§ WHAT IS NEEDED
Exact copies of all the lines below are needed, without the pictures.

[Spatial localization data]
===
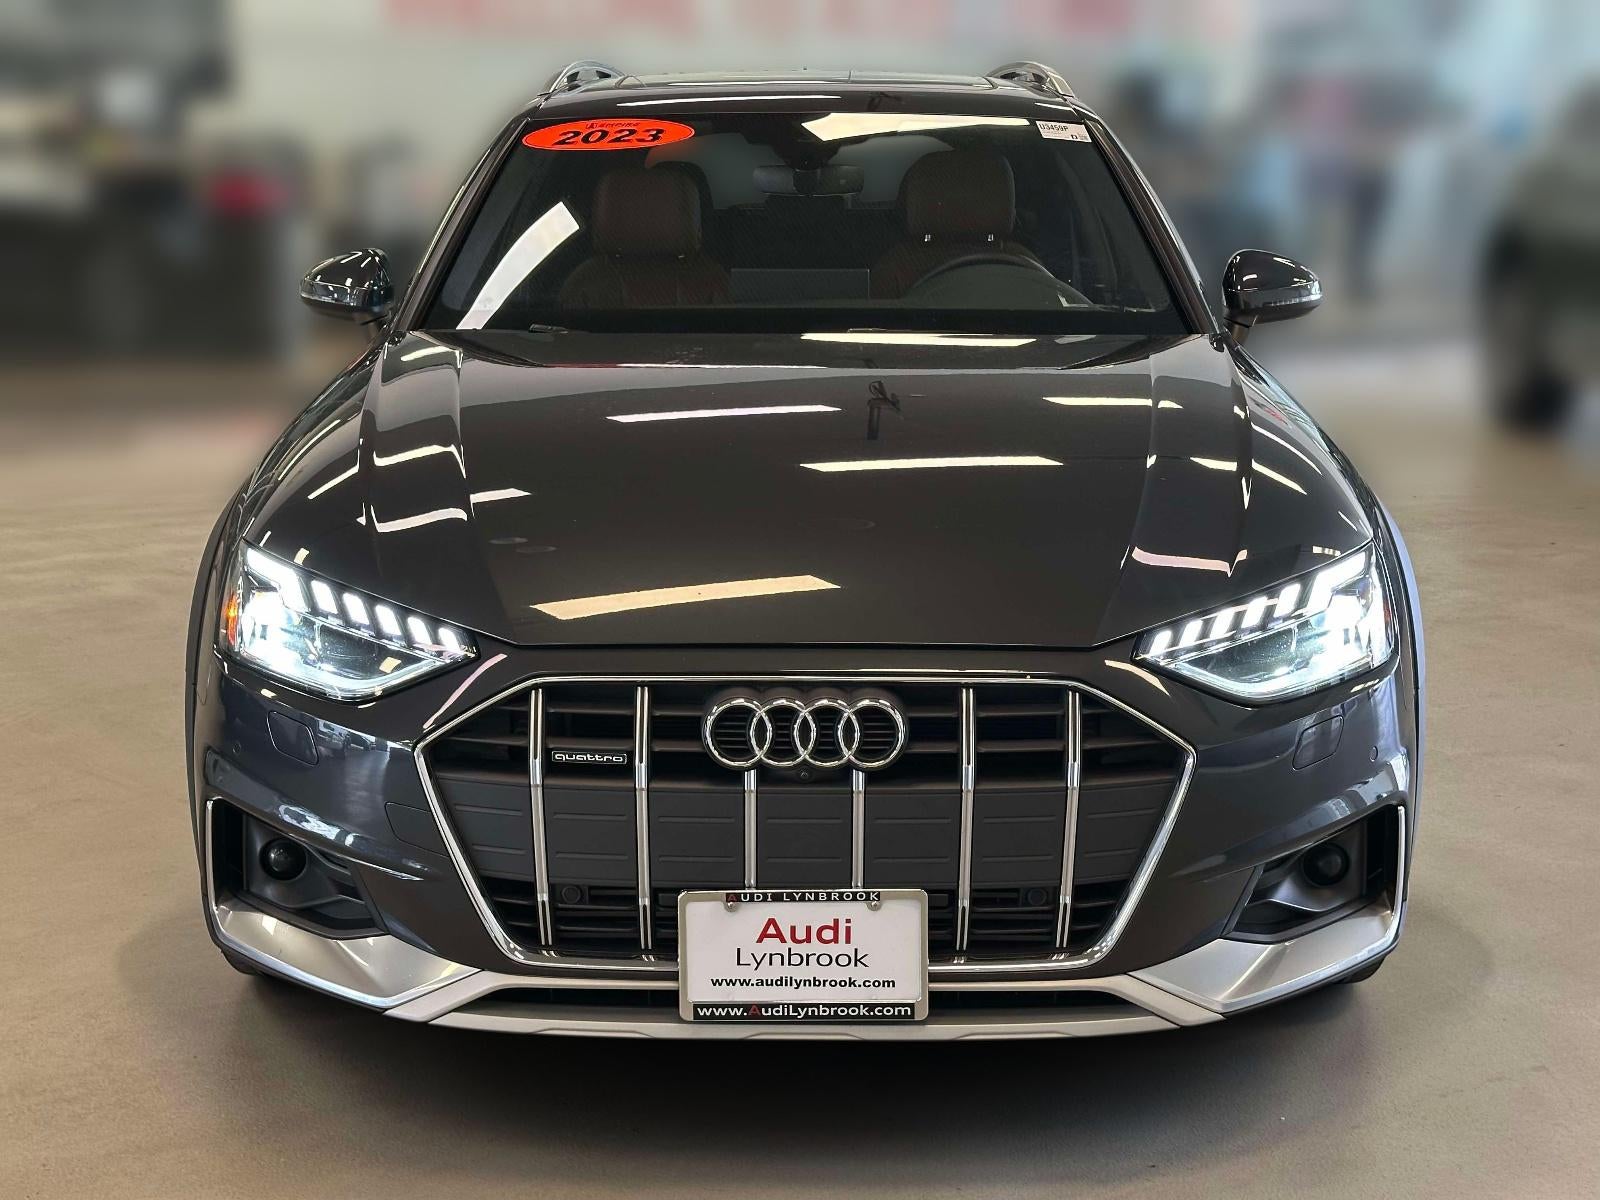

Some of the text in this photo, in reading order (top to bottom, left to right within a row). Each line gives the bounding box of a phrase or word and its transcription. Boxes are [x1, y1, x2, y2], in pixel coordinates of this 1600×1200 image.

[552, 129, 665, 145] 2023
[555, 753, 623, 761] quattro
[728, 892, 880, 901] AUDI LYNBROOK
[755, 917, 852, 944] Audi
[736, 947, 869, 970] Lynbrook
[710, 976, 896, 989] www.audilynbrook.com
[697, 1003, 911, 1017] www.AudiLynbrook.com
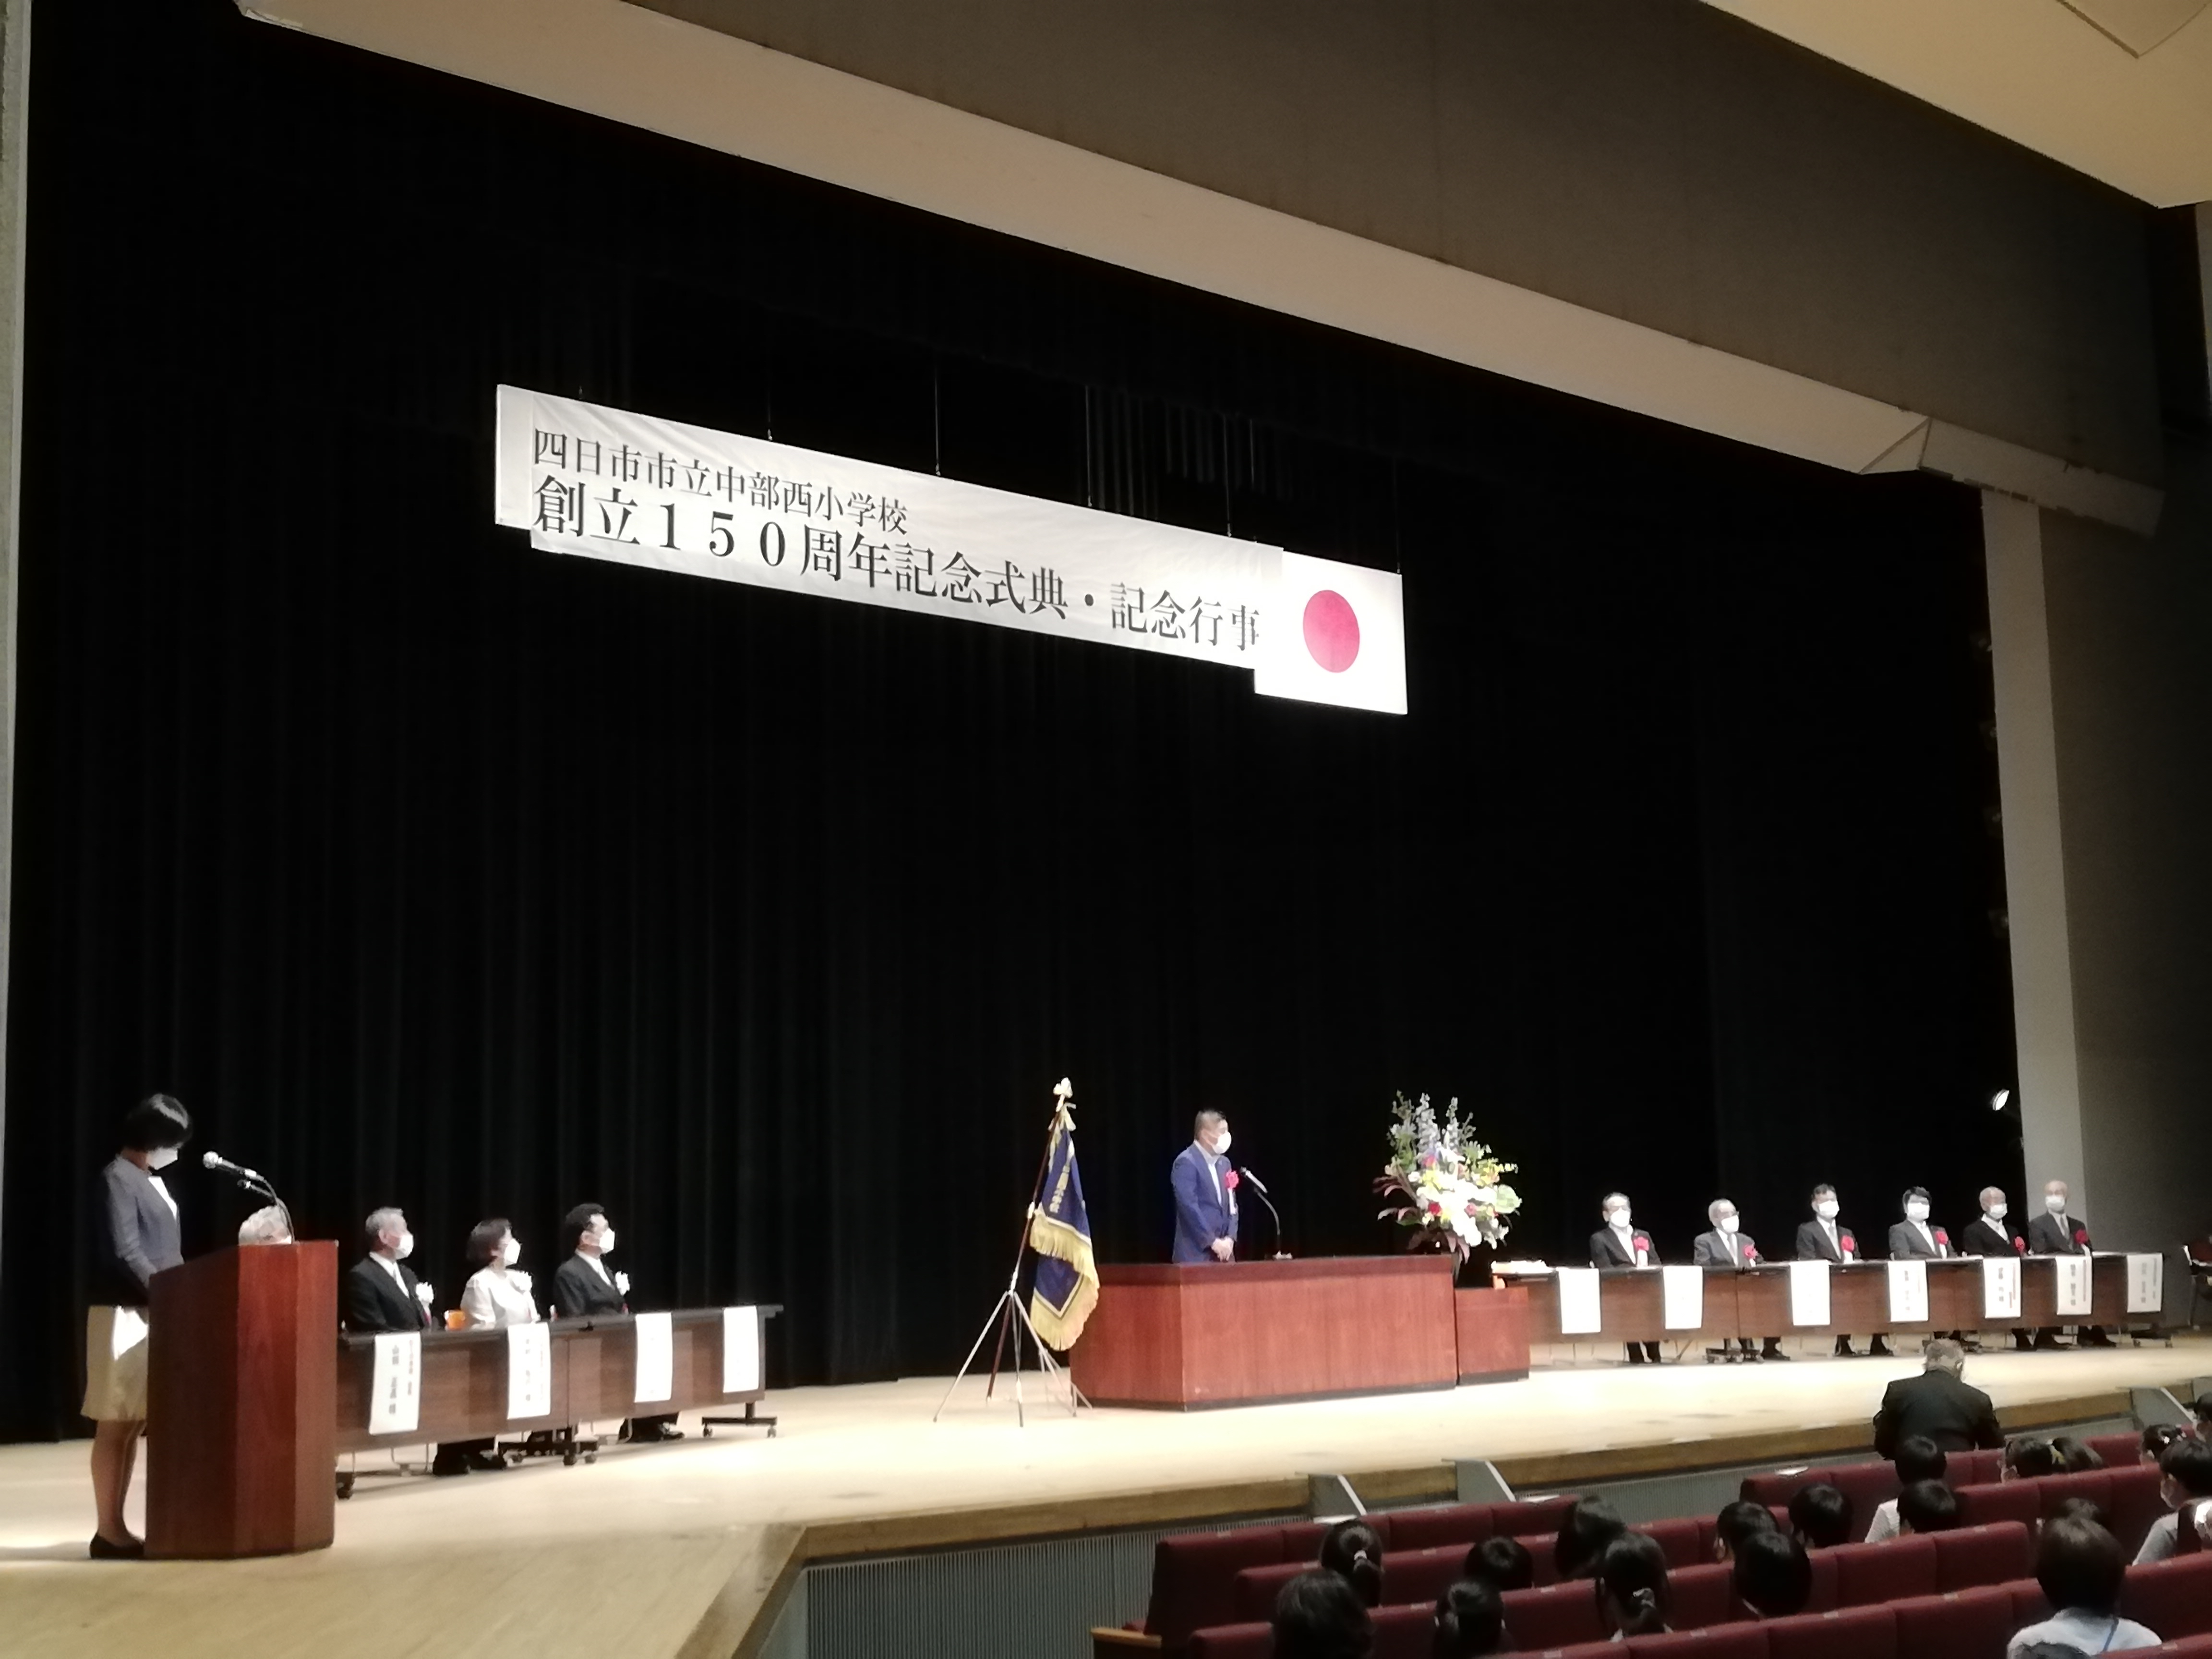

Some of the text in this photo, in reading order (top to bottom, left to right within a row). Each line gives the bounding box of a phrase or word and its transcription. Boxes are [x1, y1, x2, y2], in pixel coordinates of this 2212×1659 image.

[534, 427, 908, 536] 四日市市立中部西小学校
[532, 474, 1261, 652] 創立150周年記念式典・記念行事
===
§ OUTPUT OF THE TASK
Some of the text in this photo, in reading order (top to bottom, left to right within a row). Each line gives the bounding box of a phrase or word and its transcription. Boxes are [x1, y1, x2, y2], in pixel coordinates of this 1600×1200 image.

[552, 129, 665, 145] 2023
[555, 753, 623, 761] quattro
[728, 892, 880, 901] AUDI LYNBROOK
[755, 917, 852, 944] Audi
[736, 947, 869, 970] Lynbrook
[710, 976, 896, 989] www.audilynbrook.com
[697, 1003, 911, 1017] www.AudiLynbrook.com

Some of the text in this photo, in reading order (top to bottom, left to right within a row). Each line gives the bounding box of a phrase or word and its transcription. Boxes are [x1, y1, x2, y2], in pixel coordinates of this 2212×1659 image.

[534, 427, 908, 536] 四日市市立中部西小学校
[532, 474, 1261, 652] 創立150周年記念式典・記念行事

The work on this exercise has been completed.